Por exigencia de mi hijo pequeño, al que le encanta los
churros, solemos desayunar en el bar del mercado de Huelin
porque hacen unos churros kilométricos que compensan, con
mucho, la manía de mi hijo de tomar solamente un vaso de
leche como desayuno.
Cuando voy a la ciudad de los boquerones suelo acudir a un
centro comercial cuyas dependientas me recuerdan con amor y
donde suelo comprar esas cosas que suelen cubrir los cuerpos
desnudos.
Me he decidido por un pantalón y, para sorpresa mía, allá
tenían registradas mis medidas que, para desencanto mío,
resultaron ser pequeñas. La edad y la barriga van parejas
por la vida: no paran de crecer.
Bueno, mi estancia en Málaga está completamente condicionada
por mi hijo pequeño: él decide qué y cómo lo hacemos. Para
eso me acompaña.
Solo un bache hemos encontrado: en la comida me zampé unos
callos que nunca he visto. Unos callos ahogados en la sala
que se toman con cuhcaras como si fuera un cocido.
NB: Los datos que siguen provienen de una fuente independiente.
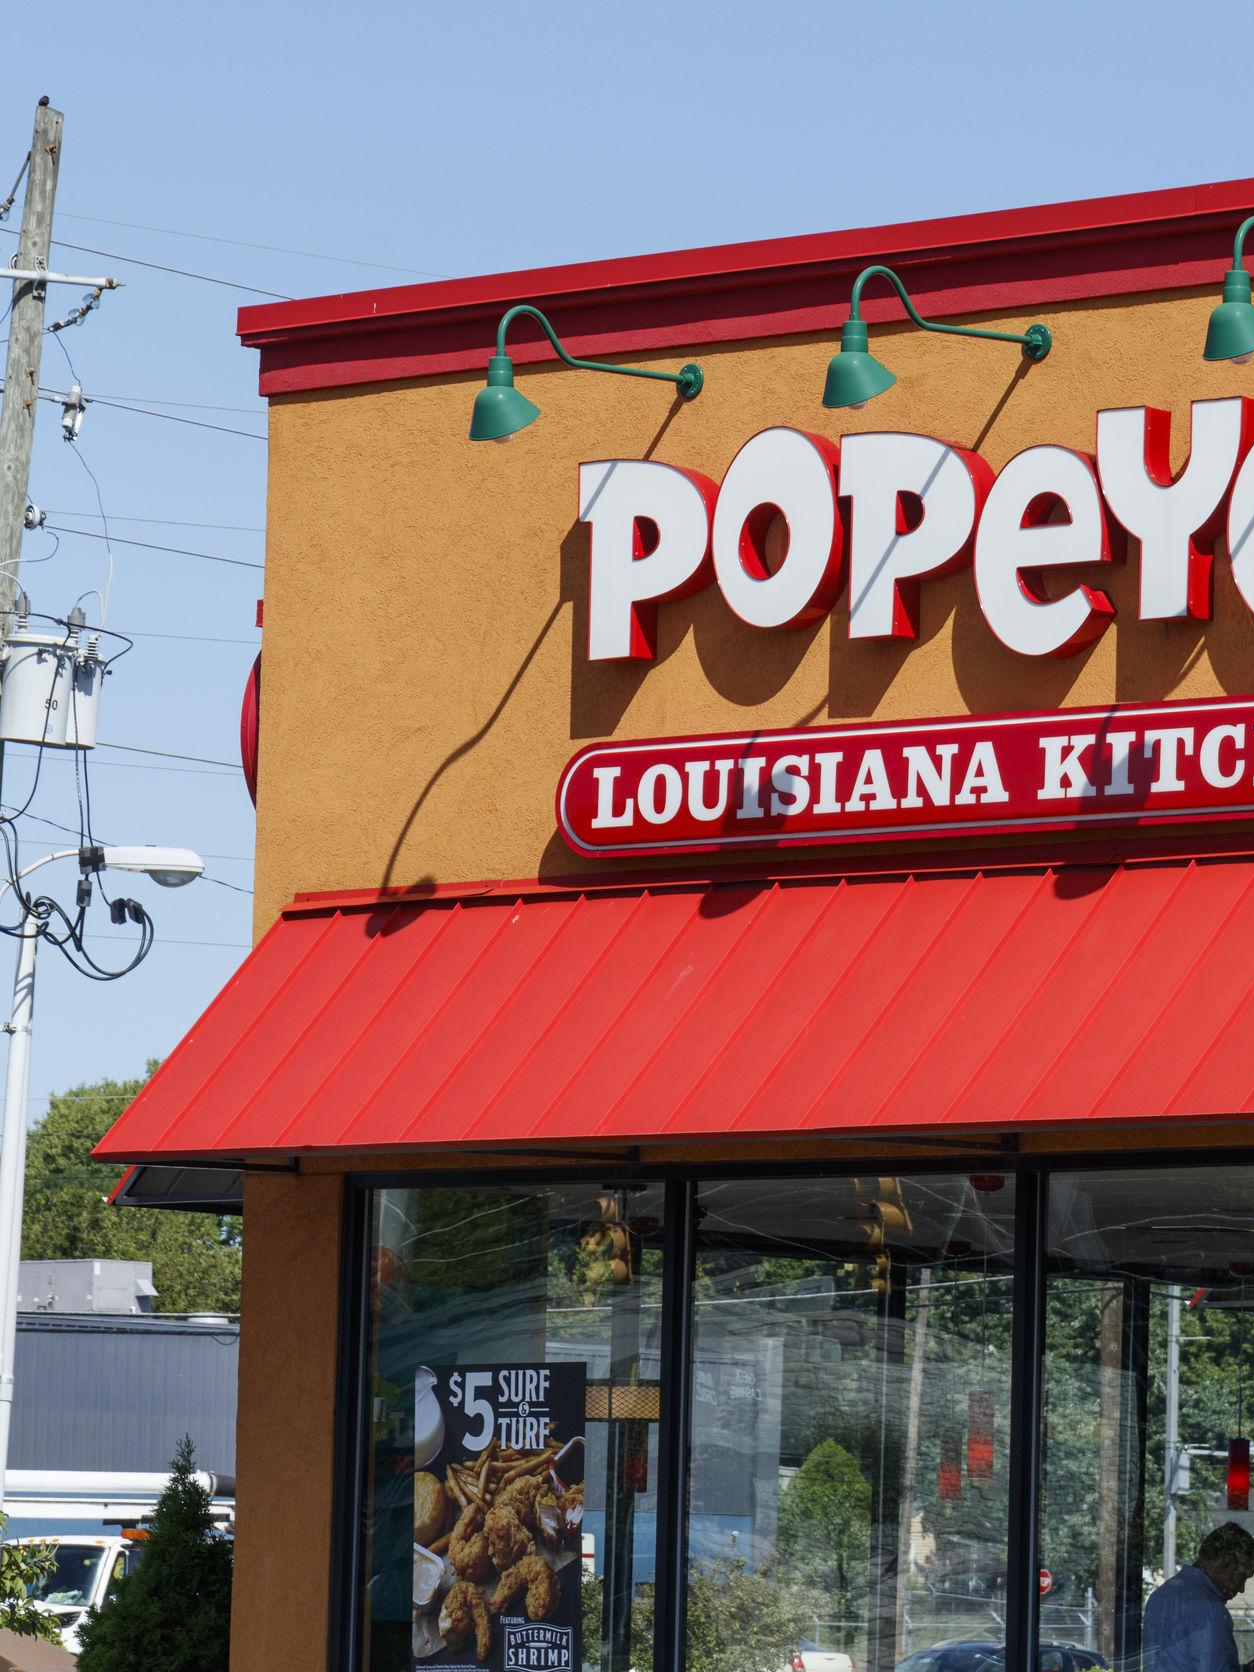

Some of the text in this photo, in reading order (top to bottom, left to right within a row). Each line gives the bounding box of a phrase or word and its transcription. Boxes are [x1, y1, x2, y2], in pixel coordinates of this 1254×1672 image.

[591, 741, 1010, 830] LOUISIANA
[498, 1369, 550, 1402] SURF
[498, 1417, 550, 1450] TURF
[509, 1629, 568, 1647] BUTTERMILK
[508, 1648, 569, 1667] SHRIMP
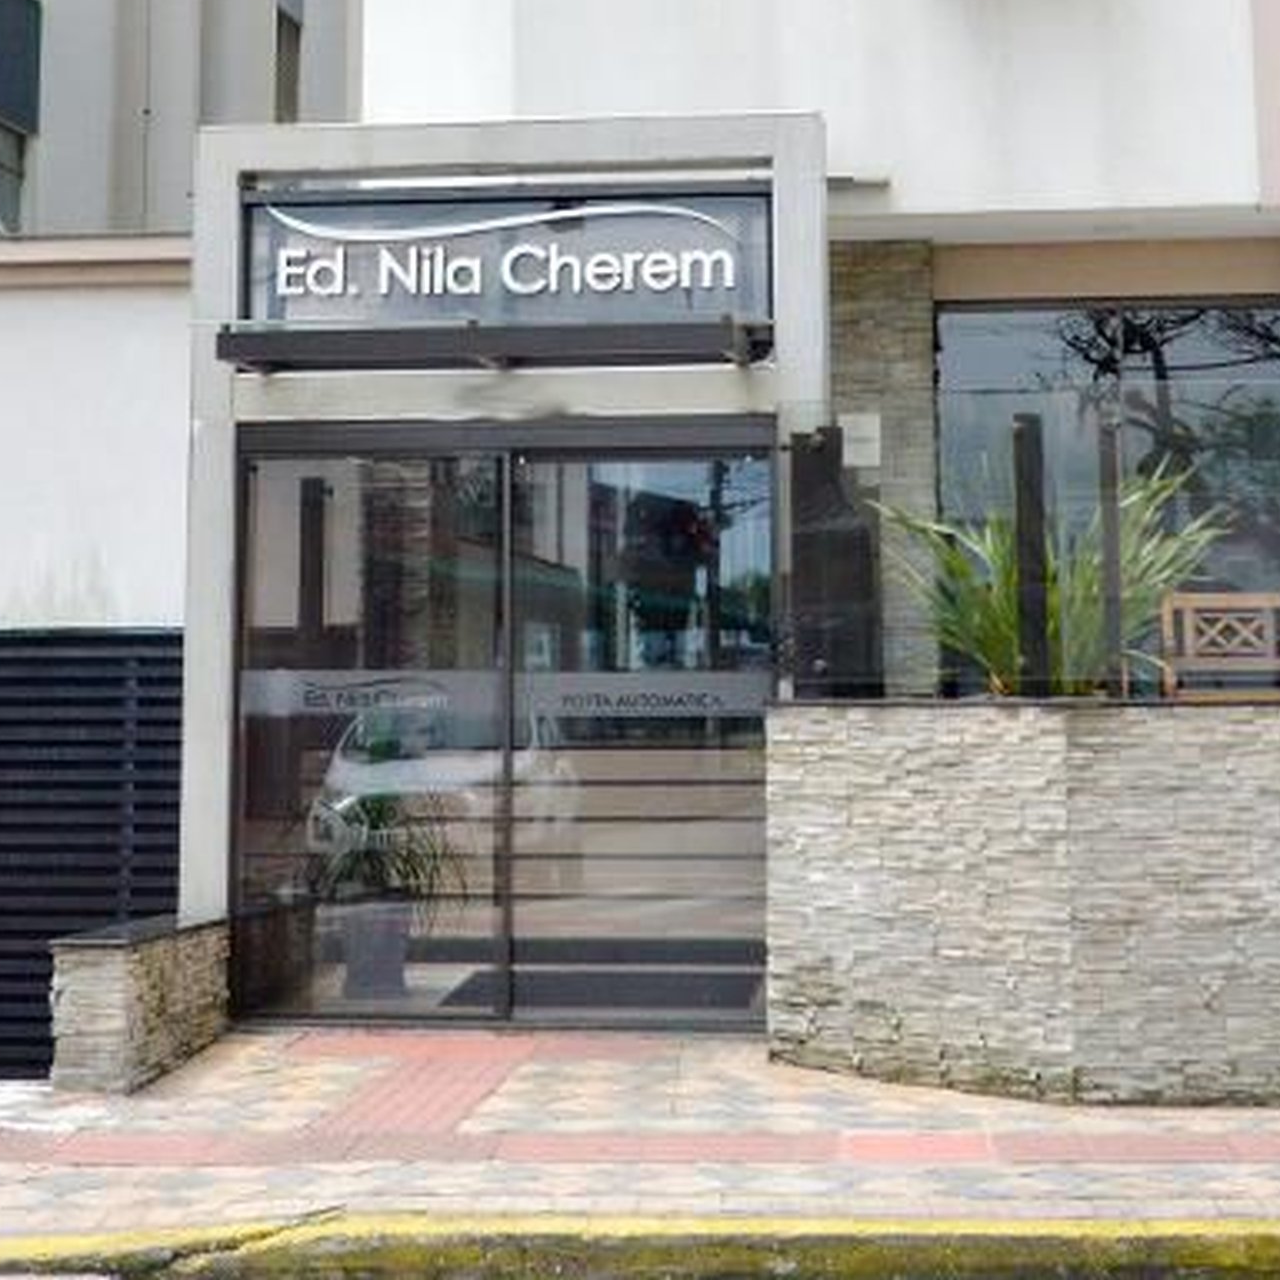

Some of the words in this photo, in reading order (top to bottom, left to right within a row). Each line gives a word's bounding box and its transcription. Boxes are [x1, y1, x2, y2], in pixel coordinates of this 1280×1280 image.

[277, 247, 358, 296] Ed.
[379, 245, 483, 296] Nila
[501, 242, 735, 295] Cherem
Me sentaron tan mal que tuve que meterme en una farmacia don
la simpática farmacéutica me atendió tan agradablemente que
al día siguiente se preocupó preguntándome, en la calle
durante un paseo, que tal estaba.
Había pedido unas pastillas para el estómago y además me
tomó la tensión que la tengo tan alta como la concurridísima
órbita de satélites. Encima mi hijo se chiva de que soy un
fumador empedernido.
Bueno, seguimos aquí.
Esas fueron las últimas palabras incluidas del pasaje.